Steven G. Crane, William R. McLennan and David J. Riley

Messrs. Crane, McLennan and Riley are parties to agreements entered into with each of them in July 2007 (the “Executive Severance Agreements”), which provide that in the event such individual’s employment is terminated by the Company, in the case of Messrs. Crane and Riley, or ModusLink Corporation, in the case of Mr. McLennan, without Cause (as defined below), then the executive officer will receive 12 months of continued base salary. In the event the executive officer’s employment is terminated by the Company without Cause (as defined below) or by the executive officer for Good Reason (as defined below) within one year after a Change of Control (as defined below) of the Company, then (i) the executive officer will receive (x) 12 months of continued base salary, and (y) his target bonus (each payable in 12 monthly installments) and (ii) all of the executive officer’s stock options which are then outstanding shall be immediately vested and shall remain exercisable for a period of 6 months following the executive officer’s last day of employment (but not to exceed the original term of such awards) and all of the executive officer’s restricted stock shall be immediately vested and free of restrictions. The Executive Severance Agreements are intended to comply with Section 409A of the Code. Also, under certain circumstances, in the event that any amounts payable to an executive officer under an Executive Severance Agreement would qualify as “excess parachute payments” under Section 280G of the Code, then we may not be obligated to pay to the executive officer that portion of the consideration that is payable as a result of the Change of Control as is necessary to eliminate any “excess parachute payments.”

 

32


For purposes of the Executive Severance Agreements, terms are defined as follows (in the case of Mr. McLennan, references to the Company in these definitions shall be deemed to be references to ModusLink Corporation):

“Cause” is defined as a good faith finding by the Board of Directors of the Company after giving the executive an opportunity to be heard, of: (i) gross negligence or willful misconduct by the executive in connection with his employment duties, (ii) failure by the executive to perform his duties or responsibilities required pursuant to his employment, after written notice and an opportunity to cure, (iii) mis-appropriation by the executive for his personal use of the assets or business opportunities of the Company, or its affiliates, (iv) embezzlement or other financial fraud committed by the executive, (v) the executive knowingly allowing any third party to commit any of the acts described in any of the preceding clauses (iii) or (iv), or (vi) the executive’s indictment for, conviction of, or entry of a plea of no contest with respect to, any felony.
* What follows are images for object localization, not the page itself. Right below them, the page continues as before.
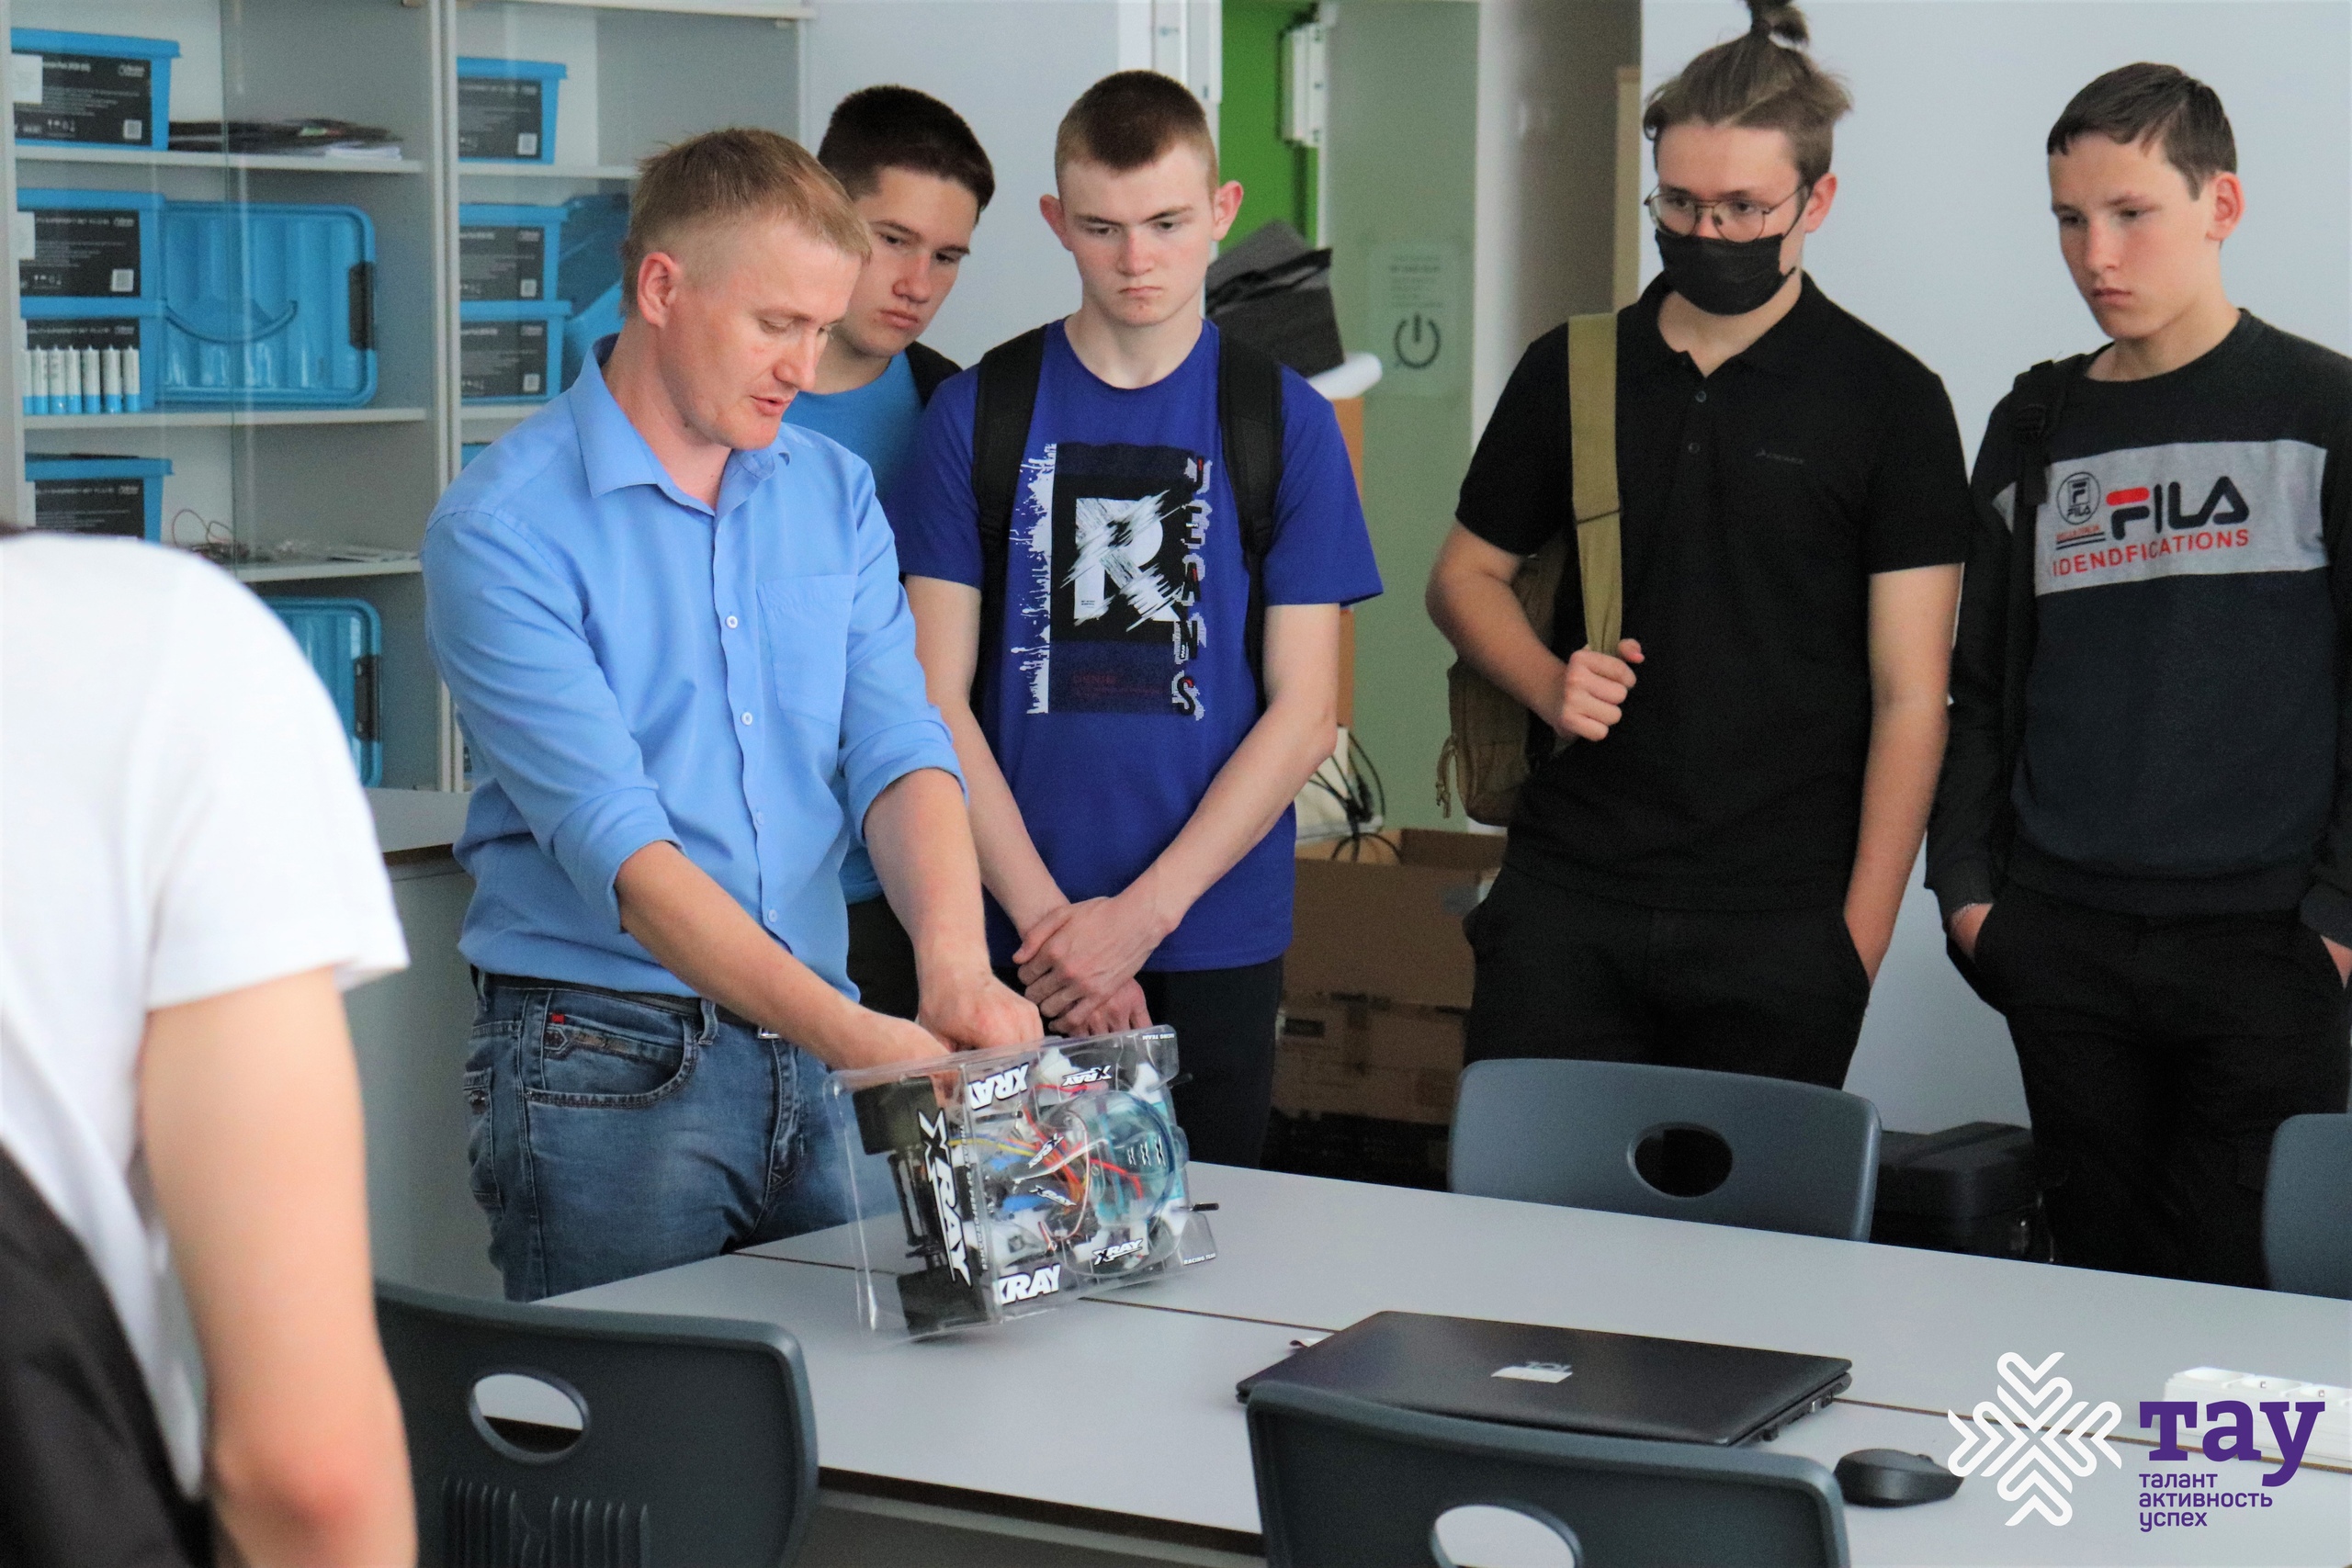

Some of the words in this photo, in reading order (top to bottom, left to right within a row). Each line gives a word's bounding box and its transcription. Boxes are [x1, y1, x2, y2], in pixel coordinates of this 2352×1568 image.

[2106, 475, 2250, 541] FILA
[1063, 492, 1182, 628] R
[2052, 529, 2250, 578] IDENDFICATIONS
[1061, 1064, 1113, 1087] XRAY
[918, 1108, 972, 1287] XRAY
[968, 1190, 988, 1270] PERFORMANCE
[1092, 1238, 1144, 1266] XRAY
[1183, 1255, 1205, 1265] RACING
“Good Reason” is defined as: (i) the unilateral relocation by the Company of the executive’s principal work place for the Company to a site more than 60 miles from the executive’s principal office, (ii) a material reduction in the executive’s then-current salary without the executive’s consent or (iii) material diminution of the executive’s duties, authority or responsibilities, without the executive’s consent. In order to establish “Good Reason” for a termination, the executive must provide notice to the Company of the existence of the condition giving rise to “Good Reason” within 90 days following the initial existence of the condition, and the Company has 30 days following receipt of such notice to remedy such condition.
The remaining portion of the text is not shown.